WHAT YOU ARE ASKED TO DO:
Apart from the pictures, return every line of the listing exactly.

RECORDED DATA:
== Segment start ==

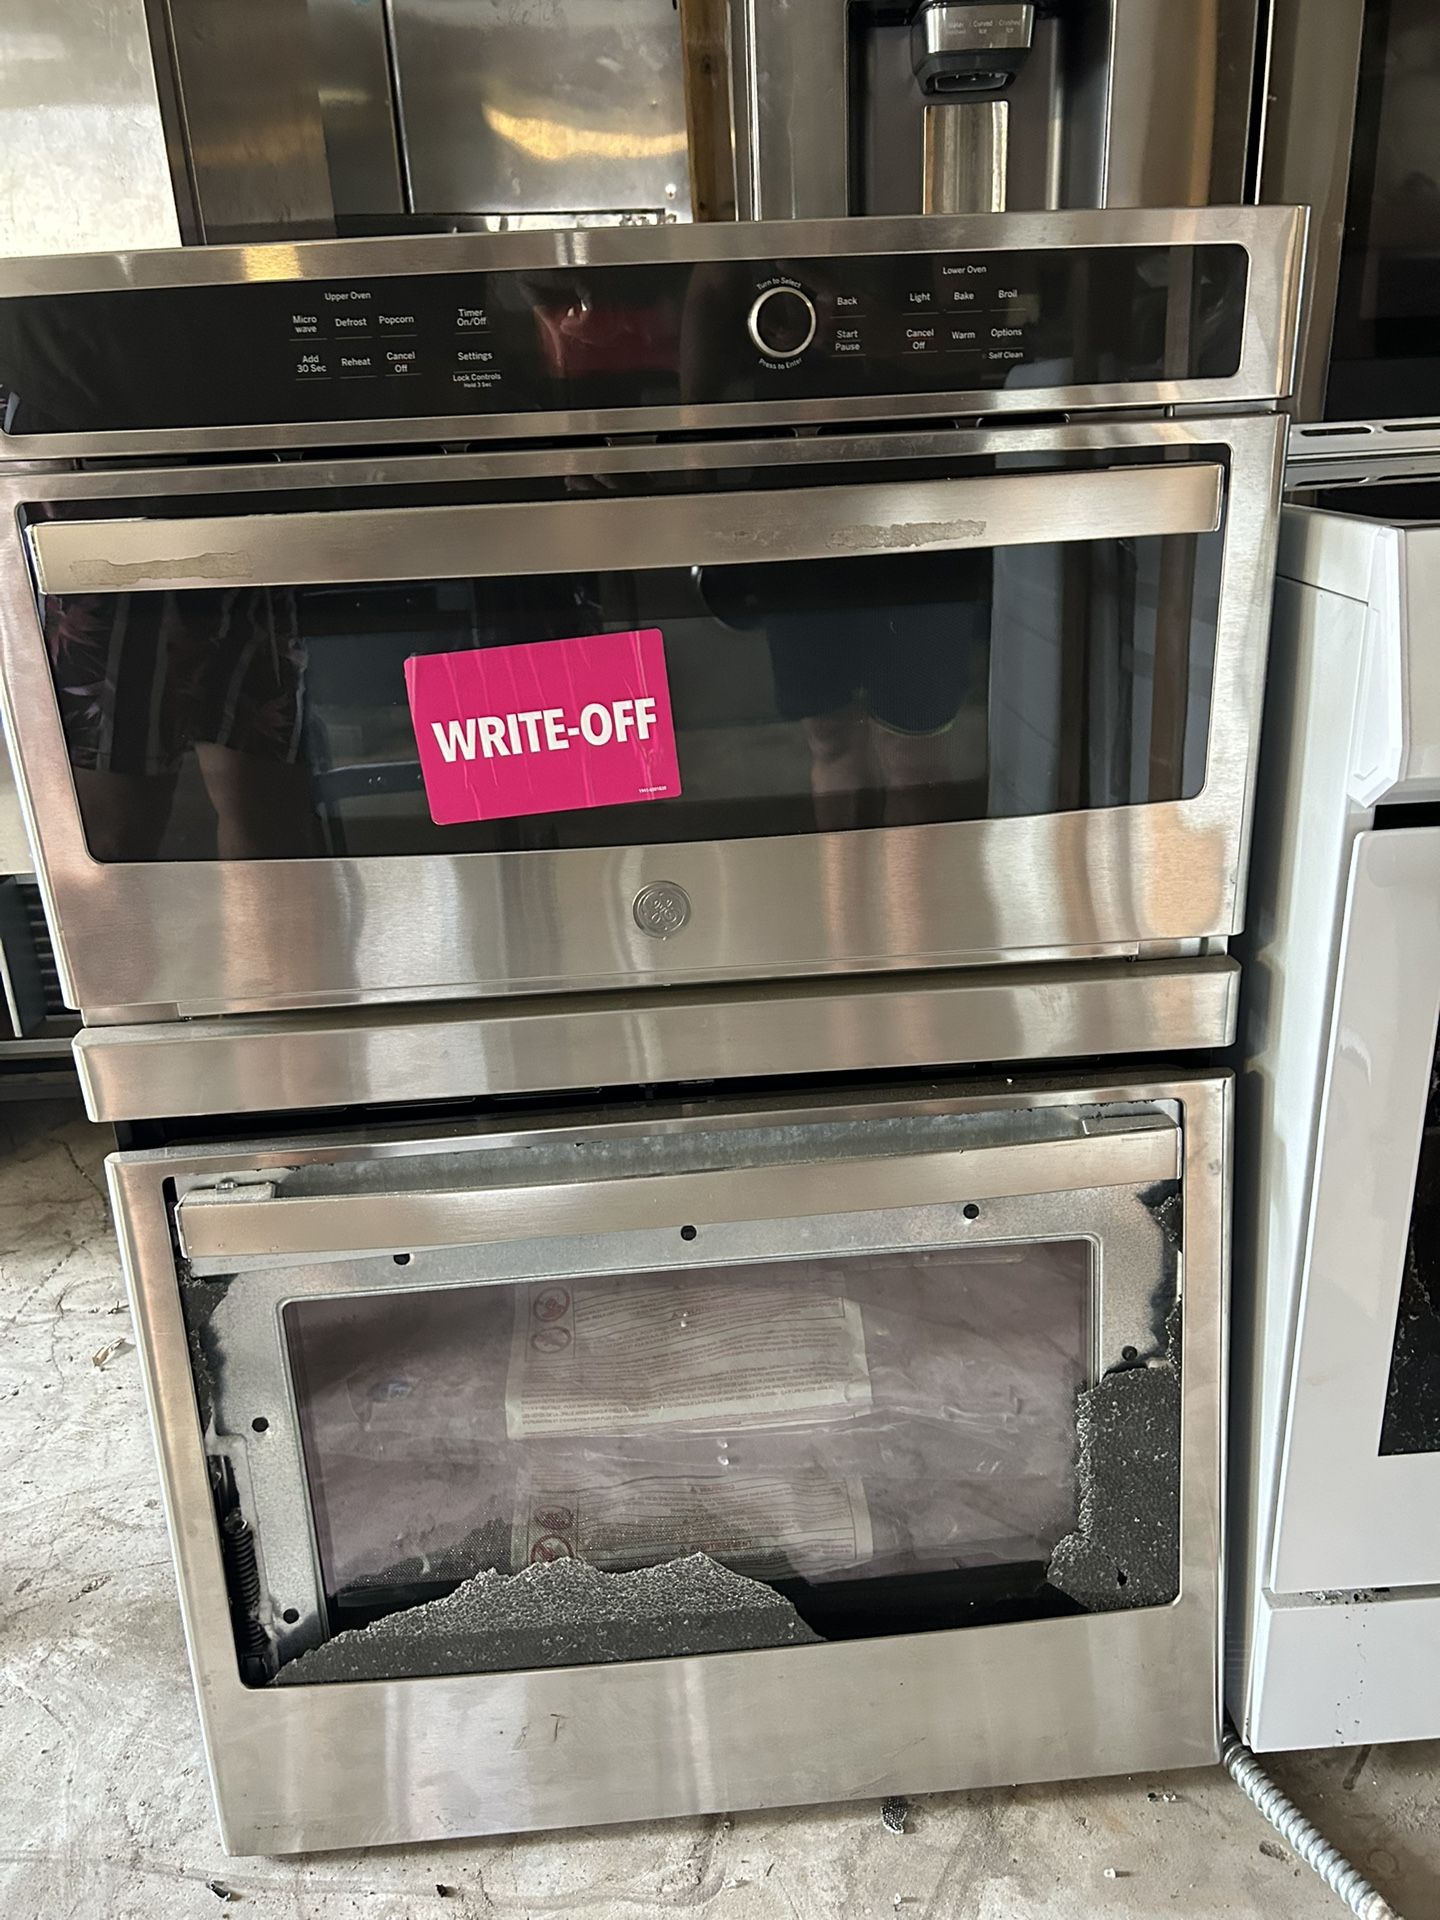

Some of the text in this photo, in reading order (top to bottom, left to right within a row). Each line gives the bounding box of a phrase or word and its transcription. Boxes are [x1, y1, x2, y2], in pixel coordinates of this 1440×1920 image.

[756, 280, 771, 289] Turn
[781, 276, 801, 288] Select
[325, 291, 371, 302] Upper Oven
[910, 290, 1017, 303] Light Bake Broil
[837, 297, 857, 305] Back
[293, 315, 317, 323] Micro
[335, 318, 367, 326] Defrost
[379, 316, 414, 325] Popcorn
[457, 317, 486, 326] On/Off
[837, 330, 858, 338] Start
[906, 329, 934, 337] Cancel
[991, 328, 1022, 338] Options
[835, 343, 860, 351] Pause
[913, 341, 925, 349] Off
[302, 355, 319, 363] Add
[387, 352, 415, 360] Cancel
[458, 352, 492, 361] Settings
[341, 358, 371, 366] Reheat
[297, 364, 326, 372] 30 Sec
[471, 373, 501, 381] Controls
[431, 697, 657, 762] WRITE-OFF
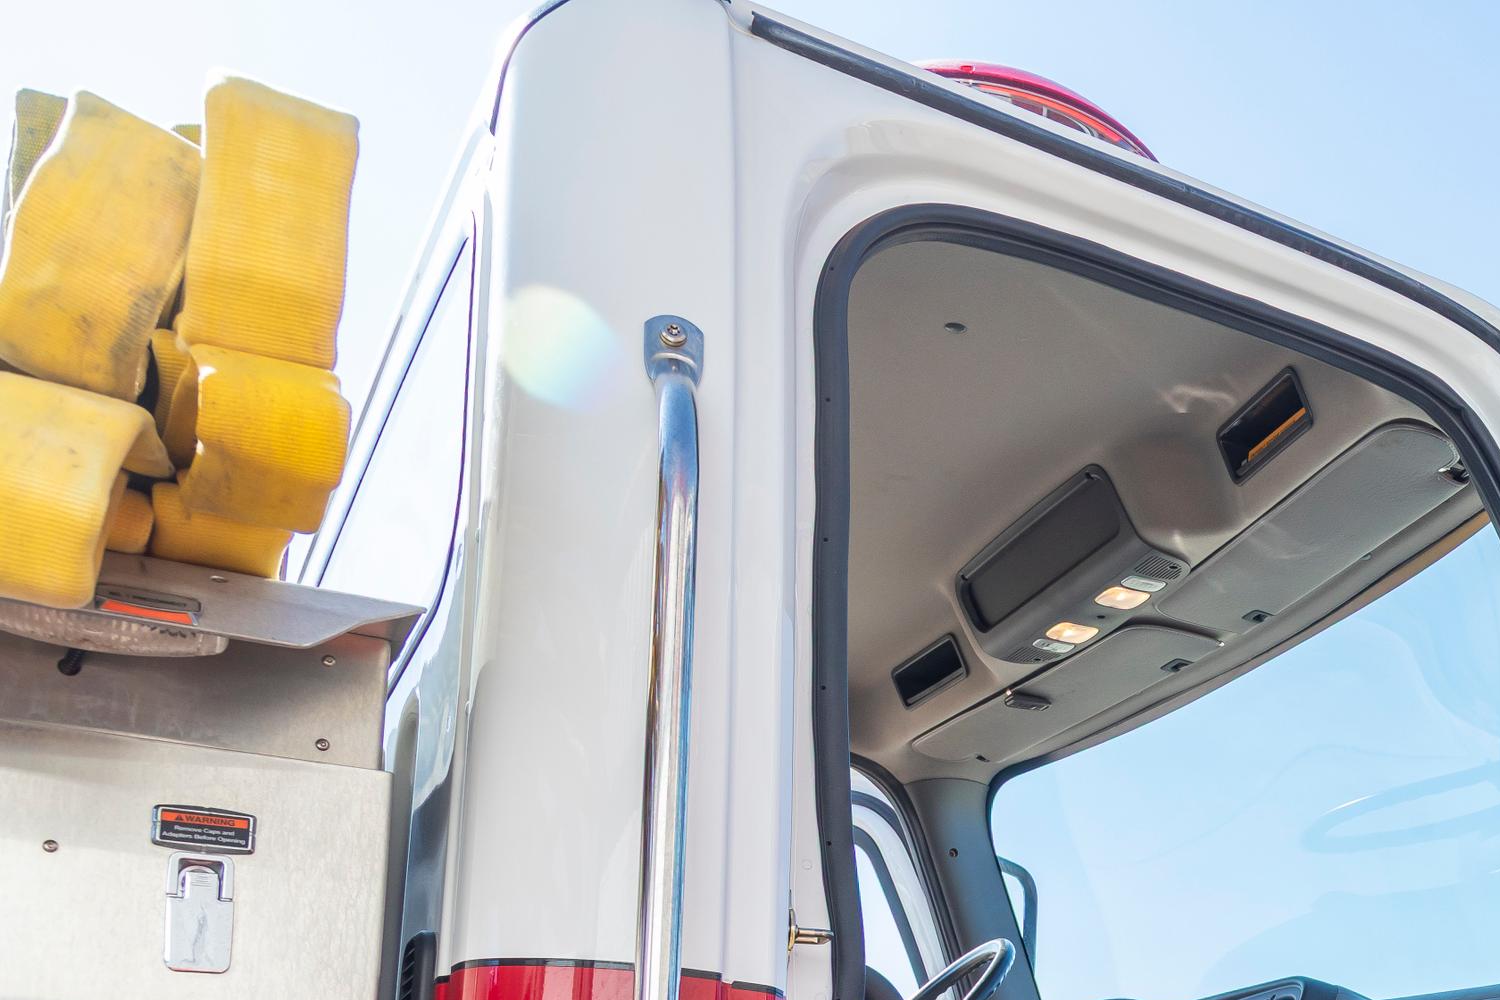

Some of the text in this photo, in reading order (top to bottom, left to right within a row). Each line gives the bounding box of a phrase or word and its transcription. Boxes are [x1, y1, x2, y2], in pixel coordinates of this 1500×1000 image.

[185, 815, 235, 826] WARNING
[174, 825, 202, 833] Remove
[217, 836, 246, 845] Opening
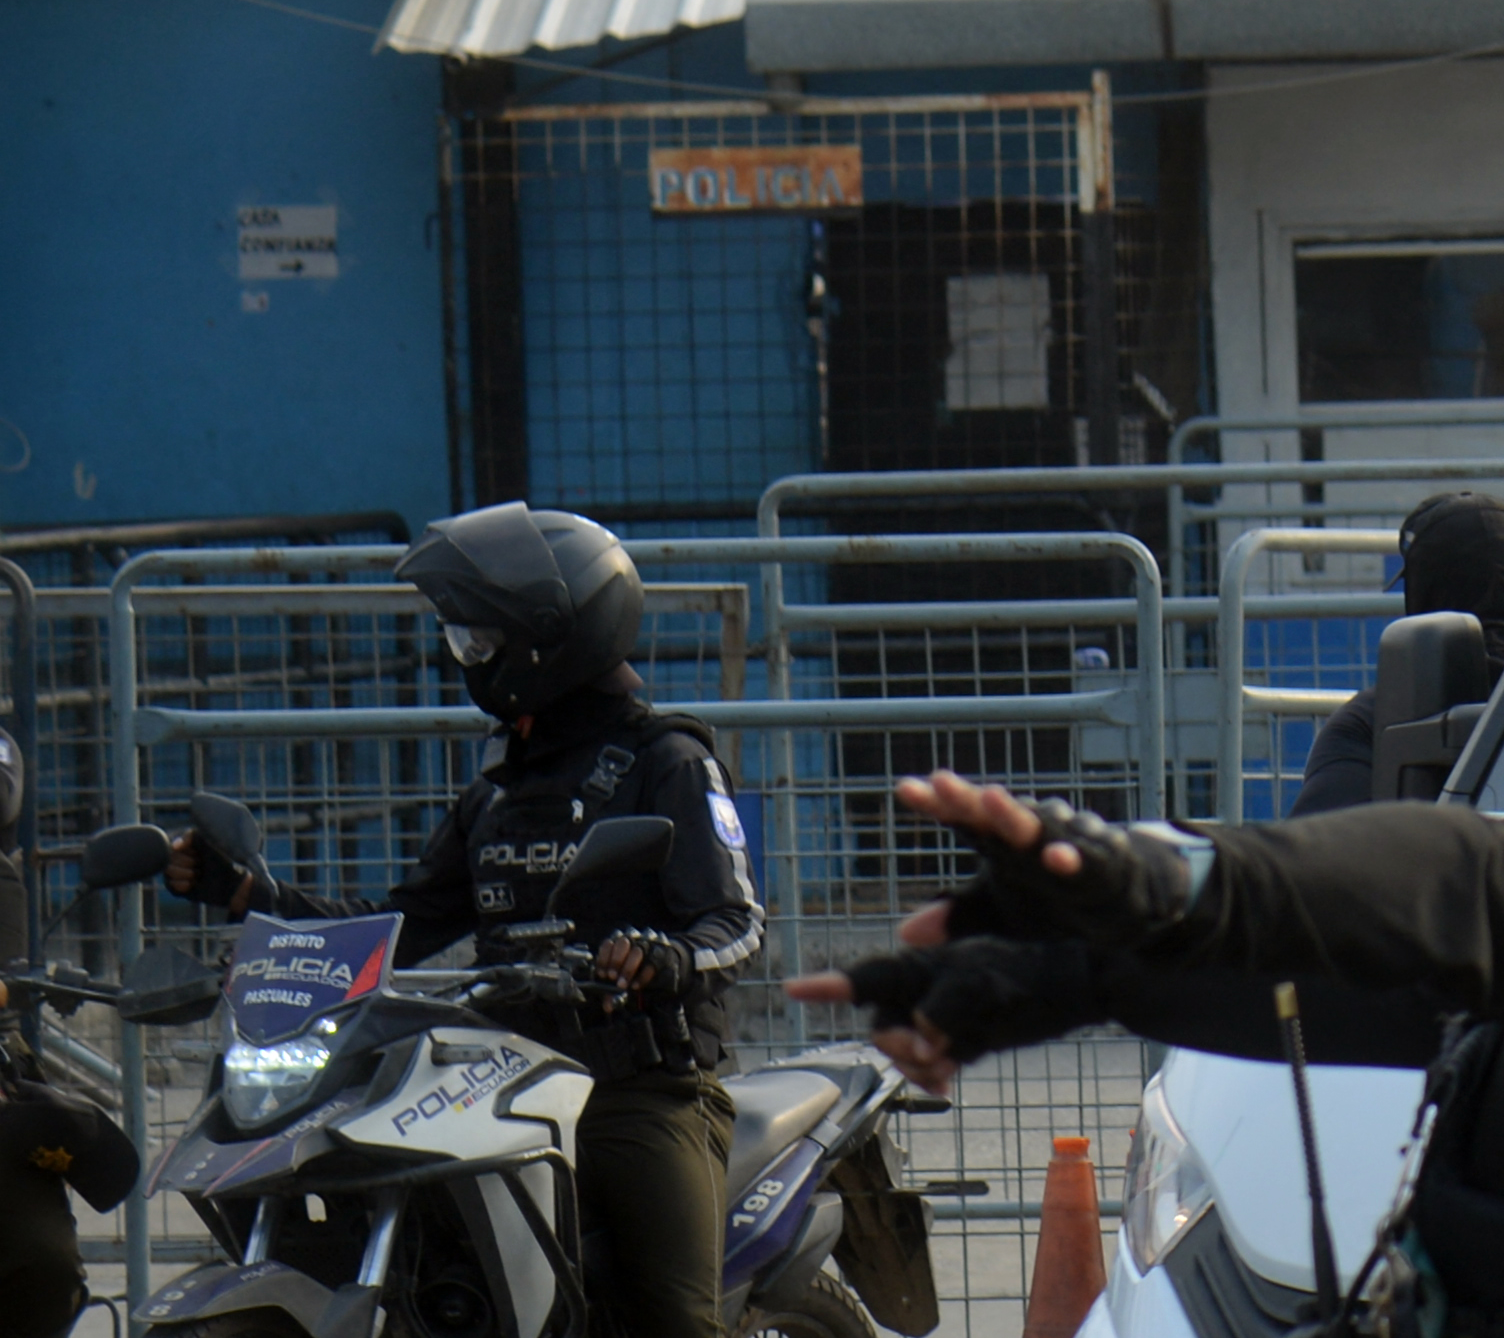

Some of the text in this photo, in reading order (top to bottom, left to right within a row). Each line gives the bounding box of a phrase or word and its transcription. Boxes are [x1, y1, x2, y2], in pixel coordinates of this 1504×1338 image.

== Segment end ==

SOLUTION:
Some of the text in this photo, in reading order (top to bottom, left to right within a row). Each line gives the bounding box of a phrase or word and its transcription. Boxes are [x1, y1, x2, y2], in pixel coordinates of this 1440×1920 image.

[756, 280, 771, 289] Turn
[781, 276, 801, 288] Select
[325, 291, 371, 302] Upper Oven
[910, 290, 1017, 303] Light Bake Broil
[837, 297, 857, 305] Back
[293, 315, 317, 323] Micro
[335, 318, 367, 326] Defrost
[379, 316, 414, 325] Popcorn
[457, 317, 486, 326] On/Off
[837, 330, 858, 338] Start
[906, 329, 934, 337] Cancel
[991, 328, 1022, 338] Options
[835, 343, 860, 351] Pause
[913, 341, 925, 349] Off
[302, 355, 319, 363] Add
[387, 352, 415, 360] Cancel
[458, 352, 492, 361] Settings
[341, 358, 371, 366] Reheat
[297, 364, 326, 372] 30 Sec
[471, 373, 501, 381] Controls
[431, 697, 657, 762] WRITE-OFF

Some of the text in this photo, in reading order (top to bottom, left to right within a row). Each line gives the bounding box of a phrase or word and its transcription. Boxes are [x1, y1, x2, y2], in pixel coordinates of this 1500×1000 image.

[185, 815, 235, 826] WARNING
[174, 825, 202, 833] Remove
[217, 836, 246, 845] Opening

Some of the text in this photo, in reading order (top to bottom, left to right within a row). Each line gives the bounding box of a phrase or word and its transcription. Boxes are [x1, y1, x2, y2], in pixel coordinates of this 1504×1338 image.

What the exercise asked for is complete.